━━━━━ Record set ━━━━━
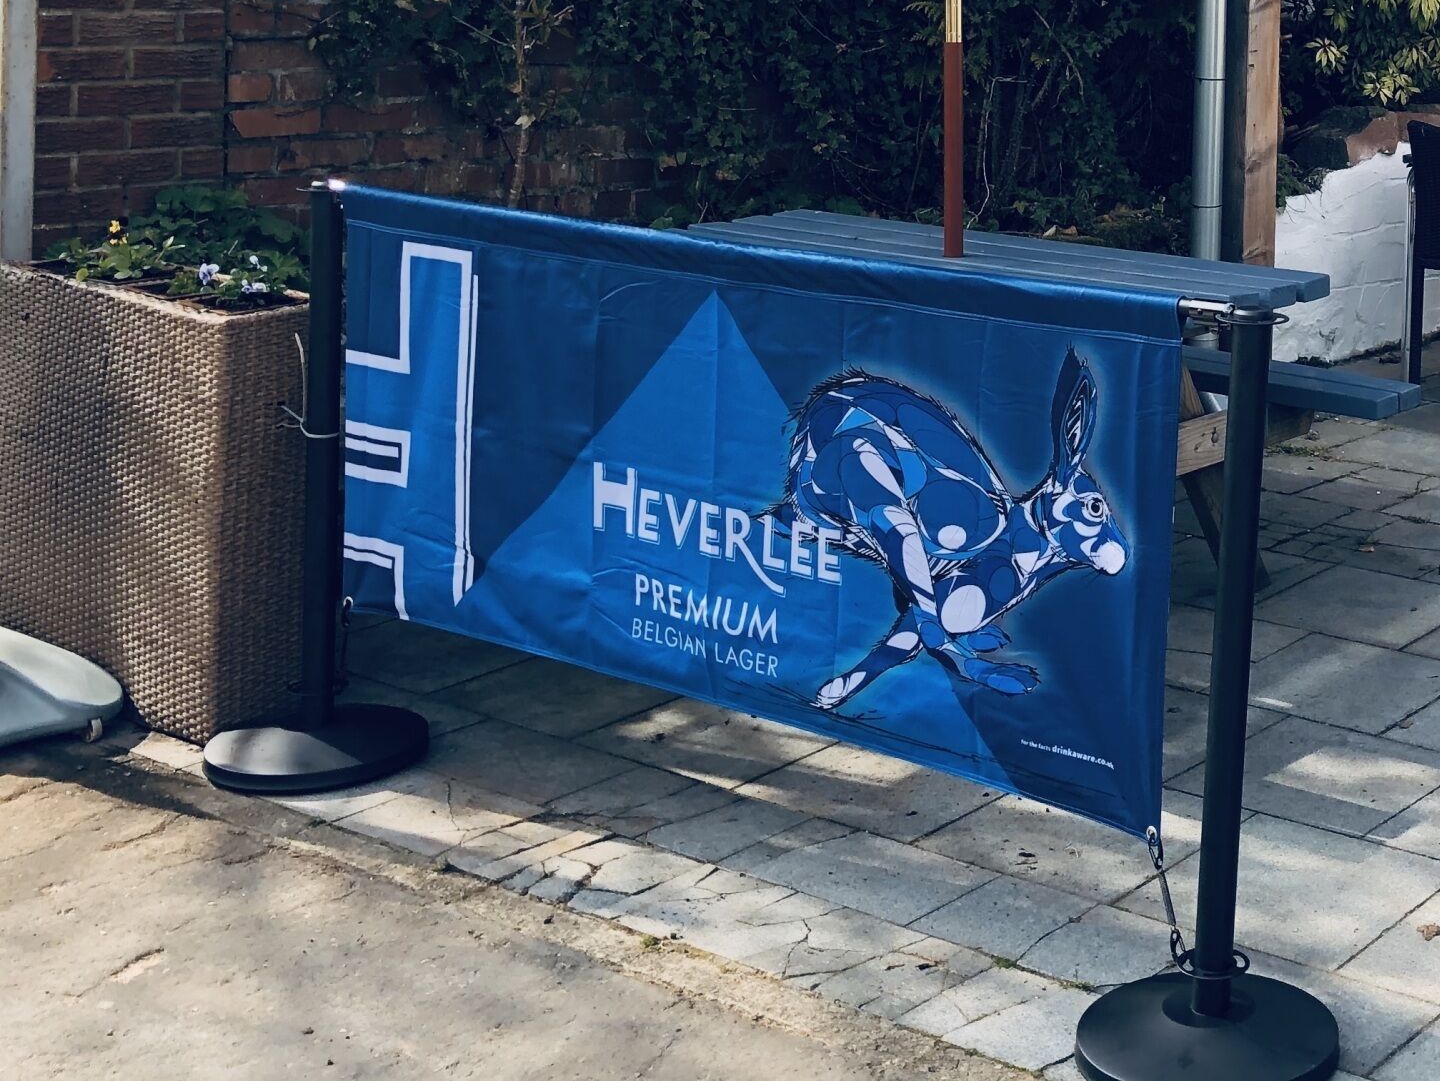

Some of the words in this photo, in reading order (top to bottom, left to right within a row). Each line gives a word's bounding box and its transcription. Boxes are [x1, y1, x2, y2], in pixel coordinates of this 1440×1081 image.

[593, 461, 842, 598] HEVERLEE
[635, 573, 778, 644] PREMIUM
[631, 618, 707, 659] BELGIAN
[714, 642, 779, 678] LAGER
━━━━━
• _What you will do_
All records above are to be repeated exactly, with the images left out.

• _Result of the exercise_
Some of the words in this photo, in reading order (top to bottom, left to right within a row). Each line gives a word's bounding box and its transcription. Boxes are [x1, y1, x2, y2], in pixel coordinates of this 1440×1081 image.

[593, 461, 842, 598] HEVERLEE
[635, 573, 778, 644] PREMIUM
[631, 618, 707, 659] BELGIAN
[714, 642, 779, 678] LAGER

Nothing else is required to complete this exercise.